Collectively, the evidence presented in this paper provides a compelling case for anti-corruption to be considered as a cross-cutting issue in the Financing for Development agenda. Investment in anti-corruption measures could help ensure that more money is mobilised for development and more of that money has a genuinely transformative impact.
Main points
- As acknowledged in successive Financing for Sustainable Development Reports, corruption continues to be an important drain on the key source of finance for development: the mobilisation, management and disbursement of domestic public resources.
- However, corruption reduces the potential positive impact of four other sources of financing for development, where – to date – corruption has received far less attention in the Financing for Development agenda: private sector investment, official development assistance, international trade and sovereign debt.
- There is a large and growing body of evidence that demonstrates how corruption harms economic growth, distorts the business environment, impedes firm productivity and competitiveness, obstructs foreign direct investment, and undermines the potentially transformative effects of impact investing.
- A review of the literature underscores how corrupt practices undercut the intended impact of official development assistance at every stage, from elite capture and aid diversion through to fraud at the level of service delivery.
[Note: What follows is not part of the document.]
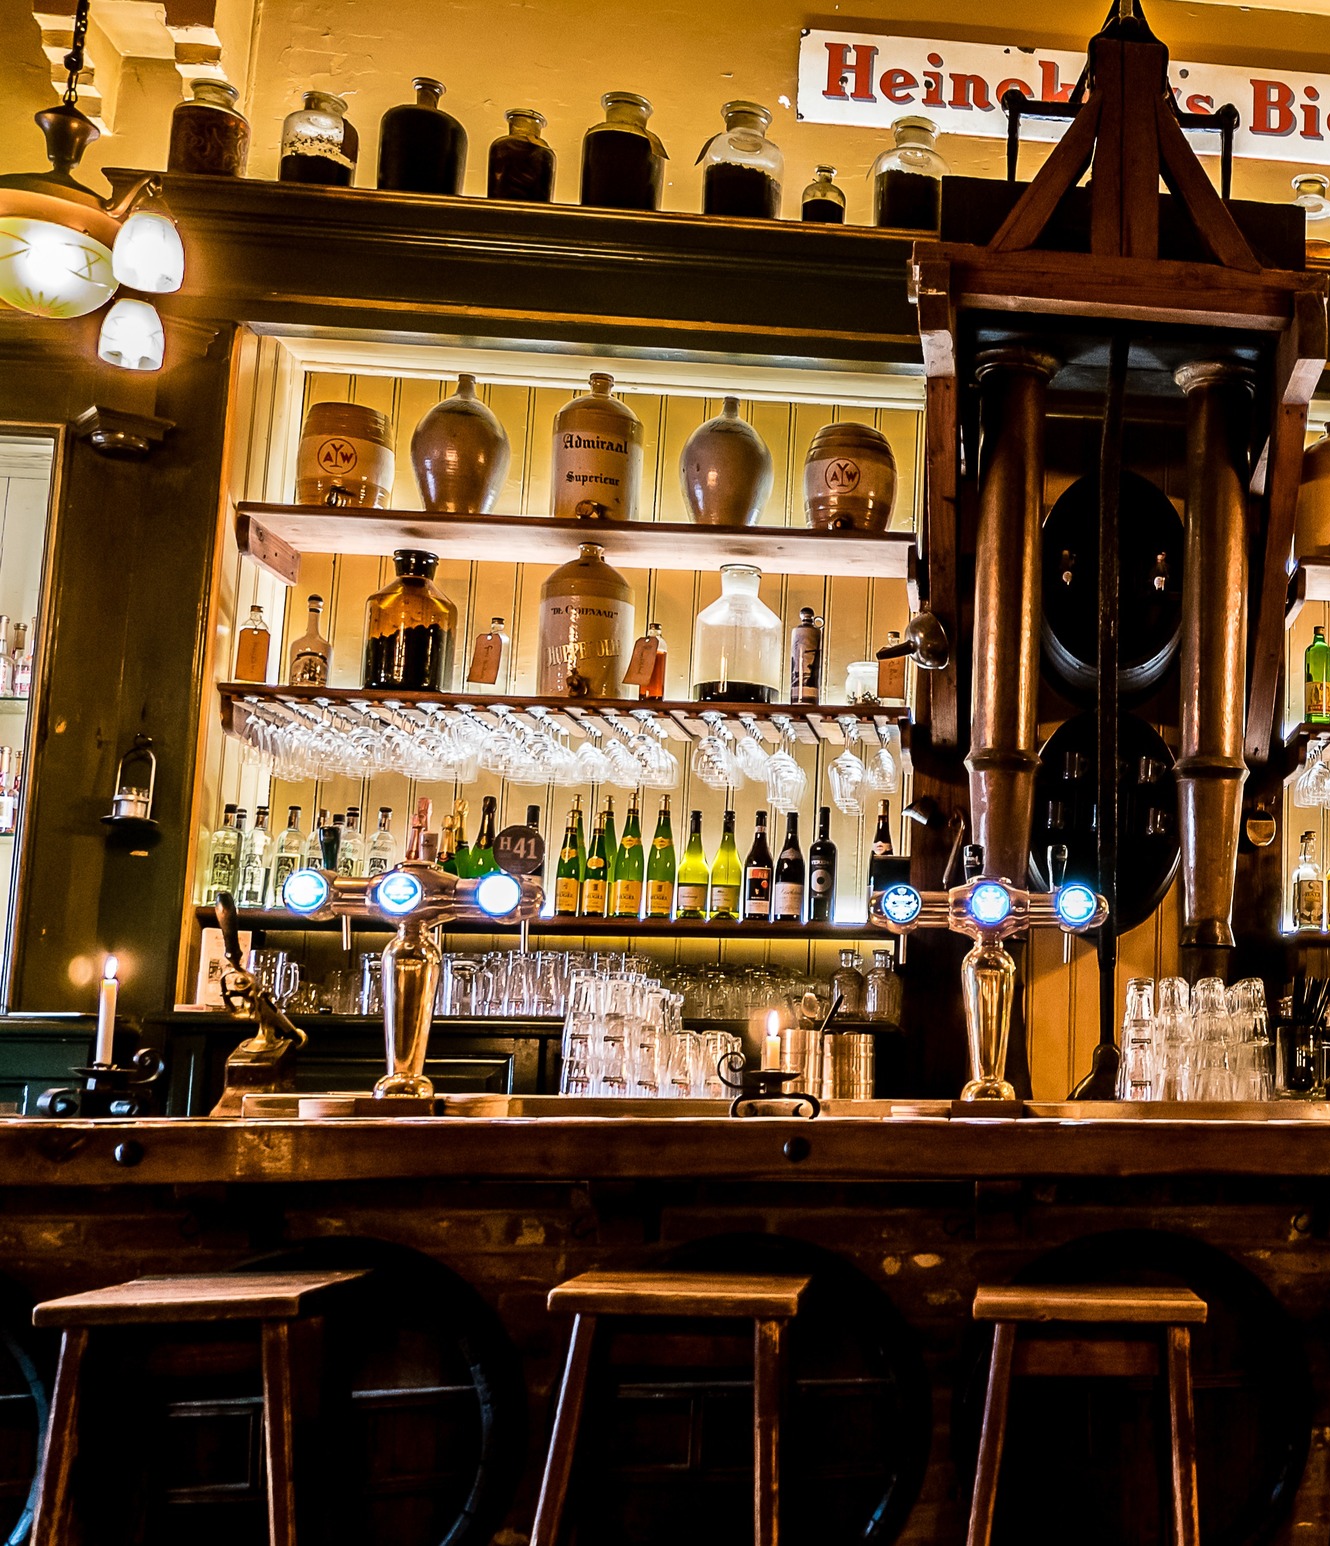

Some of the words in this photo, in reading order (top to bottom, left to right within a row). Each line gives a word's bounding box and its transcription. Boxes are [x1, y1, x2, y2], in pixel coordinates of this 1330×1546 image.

[821, 42, 1215, 116] Heineks
[563, 433, 629, 455] Admiraal
[566, 470, 620, 486] Superieur
[500, 837, 537, 859] H41
- Corruption has a deleterious effect on the potential of international trade to act as an “engine of development”, by reduces tax revenue from customs, constraining the volume of international trade and skewing trade policy towards special interest groups. In addition, corruption often plays an enabling role in illicit trade in timber, fish, wildlife and other natural resources, as well as narcotics, tobacco products, counterfeit goods and human trafficking.
- Corruption contributes to unsustainable borrowing practices as corrupt officials prioritise short-term private interests over the longer-term public interest, which can contribute to sovereign debt crises. Furthermore, the opacity of many debt financing arrangements may also create further vulnerabilities to corruption and abuse of funds.
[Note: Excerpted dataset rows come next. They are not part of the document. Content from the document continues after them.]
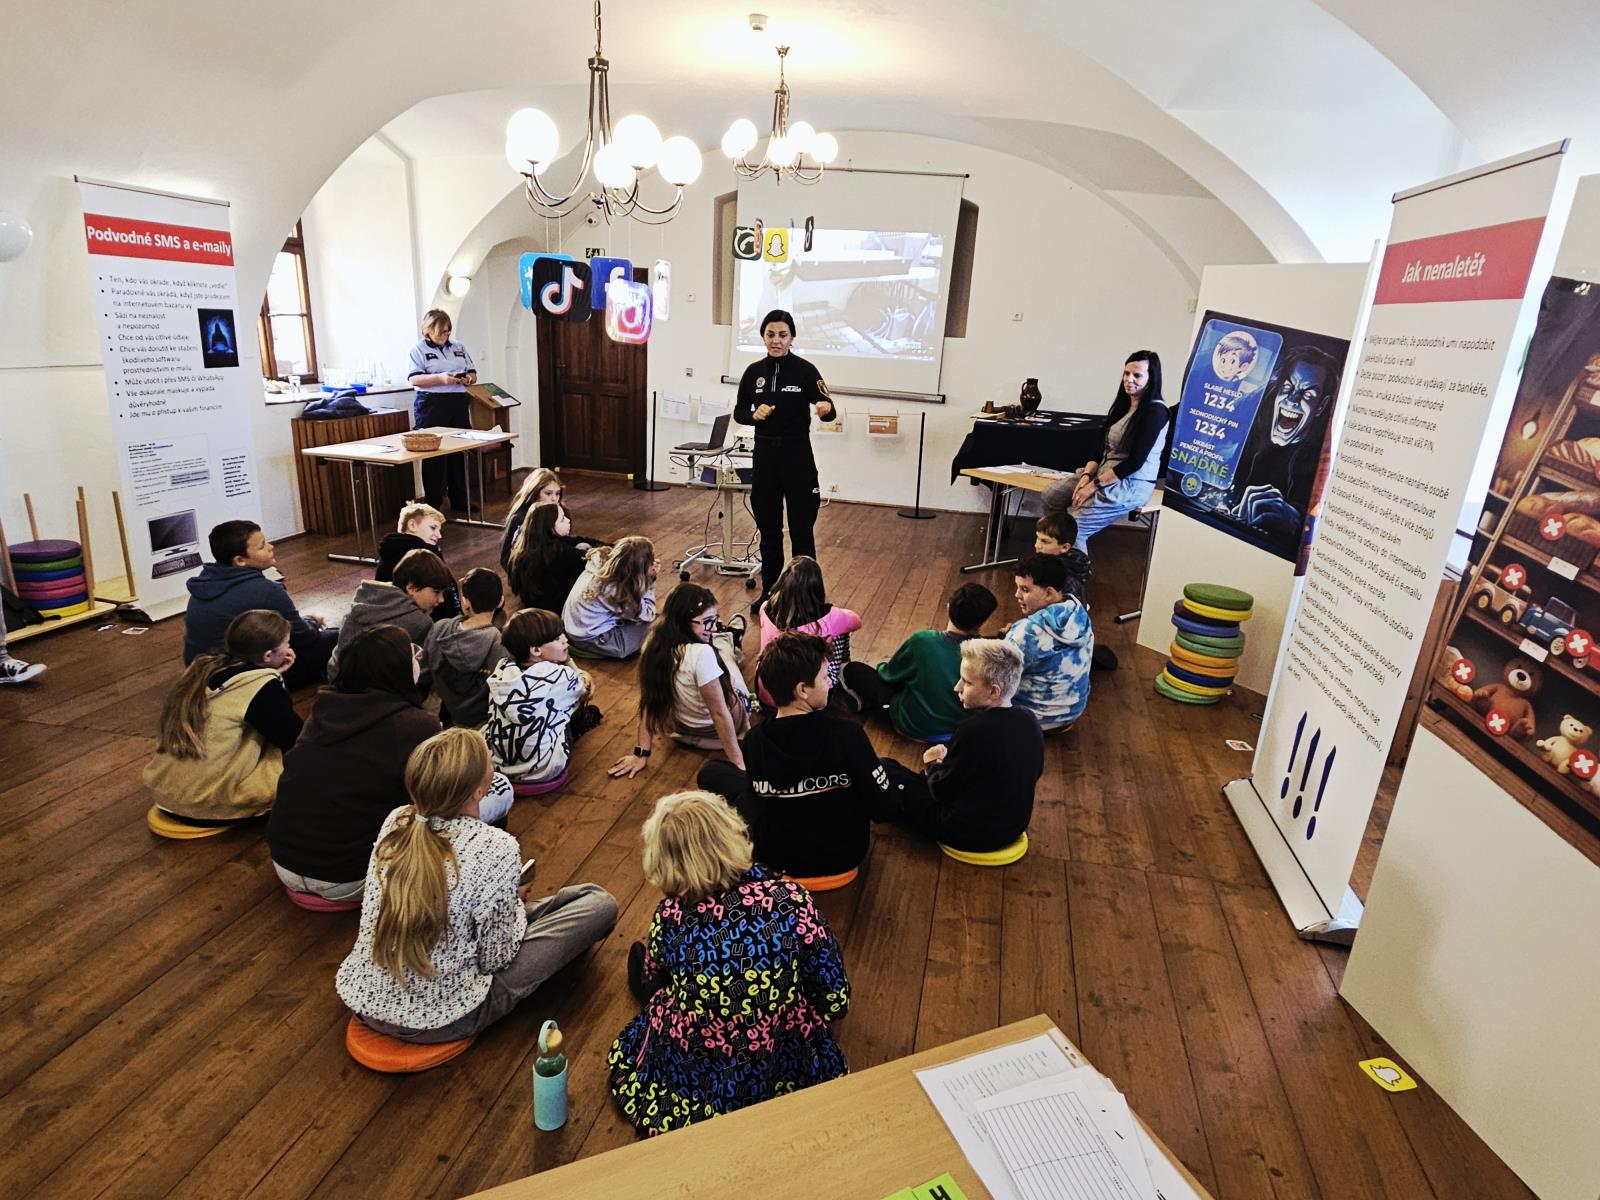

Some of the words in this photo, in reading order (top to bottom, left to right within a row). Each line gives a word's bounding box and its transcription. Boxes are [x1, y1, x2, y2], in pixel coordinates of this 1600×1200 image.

[87, 226, 151, 245] Podvodné
[154, 233, 180, 248] SMS
[183, 239, 190, 249] a
[192, 240, 230, 255] e-maily
[1401, 260, 1422, 283] Jak
[1423, 252, 1484, 280] nenaletět
[1460, 338, 1495, 350] napodobit
[1223, 389, 1242, 398] HESLO
[1448, 381, 1456, 391] za
[1456, 382, 1487, 397] bankéře,
[1203, 393, 1235, 412] 1234
[1189, 408, 1227, 424] JEDNODUCHÝ
[1228, 420, 1239, 429] PIN
[1409, 415, 1436, 431] informace
[1195, 419, 1226, 440] 1234
[1193, 439, 1215, 450] UKRÁST
[1204, 450, 1224, 462] PROFIL
[1428, 485, 1449, 499] osobě
[1414, 524, 1434, 540] zdrojů
[1390, 553, 1426, 579] internetového
[1399, 582, 1422, 600] e-mailu
- Collectively, this evidence illustrates that corruption can be usefully understood as a cross-cutting issue across the whole Financing for Development agenda. Indeed, this literature review suggests that domestic public resources cannot be fully shielded from corrupt abuses unless integrity risks relating to private investment, development assistance, international trade and opaque debt are addressed.
- Investment in anti-corruption measures could help ensure that more money is mobilised for development initiatives and more of that money reaches people and places where it can have a genuinely transformative positive impact.
Contents
- Background
- Corruption's effect on the business environment and investment climate
- Corruption's effect on international development cooperation
- Corruption's effect on international trade
- Corruption's effect on debt sustainability
Caveat
There are clear “connections between [development] finance, trade and investments, debt, and financial flows from the private sector” (Saldinger 2024), which combine to produce a complex, interwoven picture of financing for sustainable development. Despite their entwined nature, the Addis Ababa Action Agenda (AAAA) treats these issues as distinct Action Areas. As such, this Helpdesk Answer adopts the same approach.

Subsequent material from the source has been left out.